> _PROBLEM DESCRIPTION_: If a line appears in the data below, it must appear in your answer exactly as given.

> _EXERCISE INPUT_:
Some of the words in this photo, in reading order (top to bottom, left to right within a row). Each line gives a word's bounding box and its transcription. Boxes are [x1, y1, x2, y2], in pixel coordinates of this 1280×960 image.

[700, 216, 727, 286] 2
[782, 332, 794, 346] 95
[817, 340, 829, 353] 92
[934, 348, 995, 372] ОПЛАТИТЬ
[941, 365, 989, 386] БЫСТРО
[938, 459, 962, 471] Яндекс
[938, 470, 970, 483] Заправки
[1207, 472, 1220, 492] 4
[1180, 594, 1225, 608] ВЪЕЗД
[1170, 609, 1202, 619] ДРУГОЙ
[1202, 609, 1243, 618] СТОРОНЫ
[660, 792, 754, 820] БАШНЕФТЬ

> _OUTPUT FOR THIS TASK_:
Some of the words in this photo, in reading order (top to bottom, left to right within a row). Each line gives a word's bounding box and its transcription. Boxes are [x1, y1, x2, y2], in pixel coordinates of this 1280×960 image.

[700, 216, 727, 286] 2
[782, 332, 794, 346] 95
[817, 340, 829, 353] 92
[934, 348, 995, 372] ОПЛАТИТЬ
[941, 365, 989, 386] БЫСТРО
[938, 459, 962, 471] Яндекс
[938, 470, 970, 483] Заправки
[1207, 472, 1220, 492] 4
[1180, 594, 1225, 608] ВЪЕЗД
[1170, 609, 1202, 619] ДРУГОЙ
[1202, 609, 1243, 618] СТОРОНЫ
[660, 792, 754, 820] БАШНЕФТЬ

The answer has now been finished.